Massive gaps in Covid-19 genetic sequencing leave the world vulnerable to variants

The US and other wealthy countries are far ahead of the US and other large parts of the world in genome sequencing. Alina Chan, a molecular biologist at the Broad Institute, said in an email, “This means there is a delay in detecting and reporting novel variants in regions with low levels of sequencing and data sharing.”

Map of SARS-CoV-2 sequencing rates around the world.





Countries like the US are sequencing many more genomes of the SARS-CoV-2 virus than much of the rest of the world. That leaves openings for new Covid-19 variants to emerge undetected.


Other mutations in the SARS-CoV-2 virus may remain undetected due to shortfalls in genome sequencing in South America, Africa, and Asia. Whole-genome sequencing requires time and resources, it must also be balanced with other public health needs. The amount of money and lab capacity is limited in a pandemic, so health officials have to weigh testing, treatment, and vaccination against genetic surveillance.

“We can’t sequence every single person who tests positive,” says Emma Hodcroft, a molecular epidemiologist at the University of Bern. We’ll miss things like low-level circulating viruses.

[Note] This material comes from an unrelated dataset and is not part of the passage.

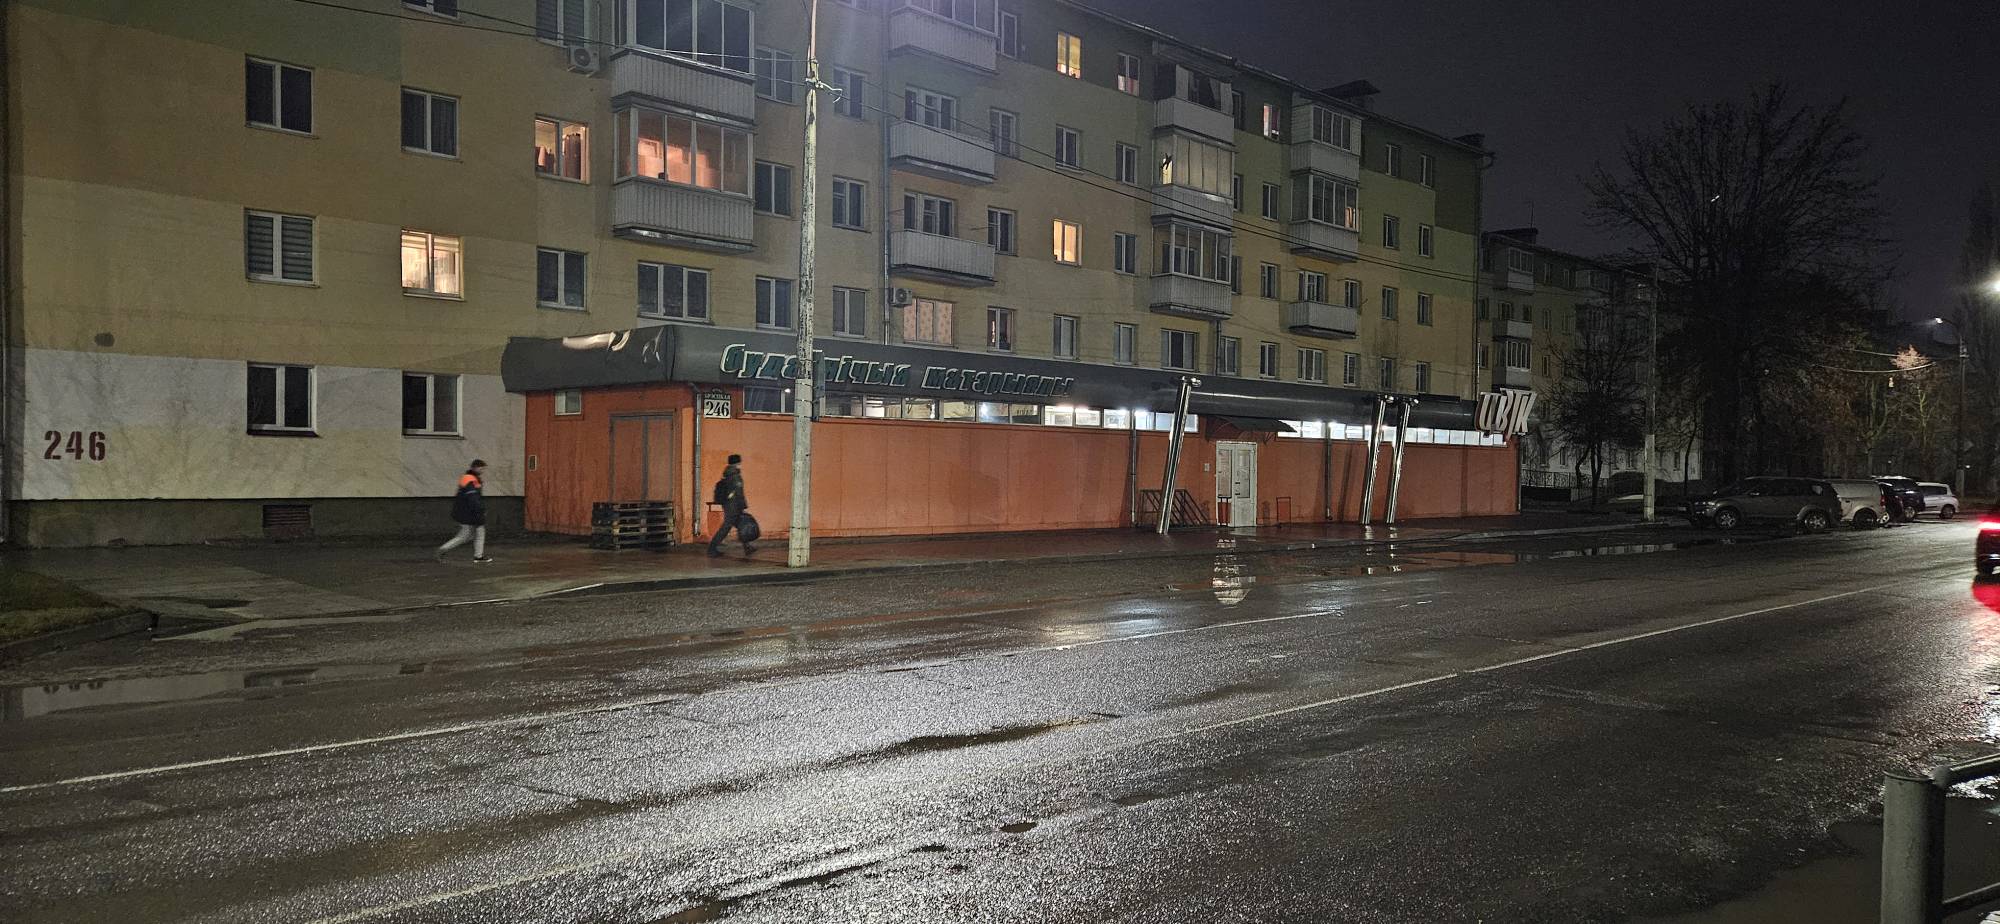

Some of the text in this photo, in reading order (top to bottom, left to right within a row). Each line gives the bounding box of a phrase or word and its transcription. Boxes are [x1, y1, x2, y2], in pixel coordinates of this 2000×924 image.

[720, 344, 911, 387] буданічыя
[705, 401, 730, 417] 246
[44, 430, 106, 461] 246

Hodcroft and Andersen said the ideal benchmark would be to sequence 5 percent to 10 percent of the genomes in positive Covid-19 cases around the world. Yet, they admitted that this would be tough for countries with fewer resources. “Even getting a sequencing machine to a lot of these countries is a nightmare,” Hodcroft said. “We haven’t done a whole lot in this pandemic to support more global sequencing surveillance.”

Developing countries should also set up more genetic surveillance and reporting laboratories around the world in addition to sharing vaccines and tests for Covid-19 with developed countries. If not, another variant could emerge and undo some of the hard-fought progress against the virus.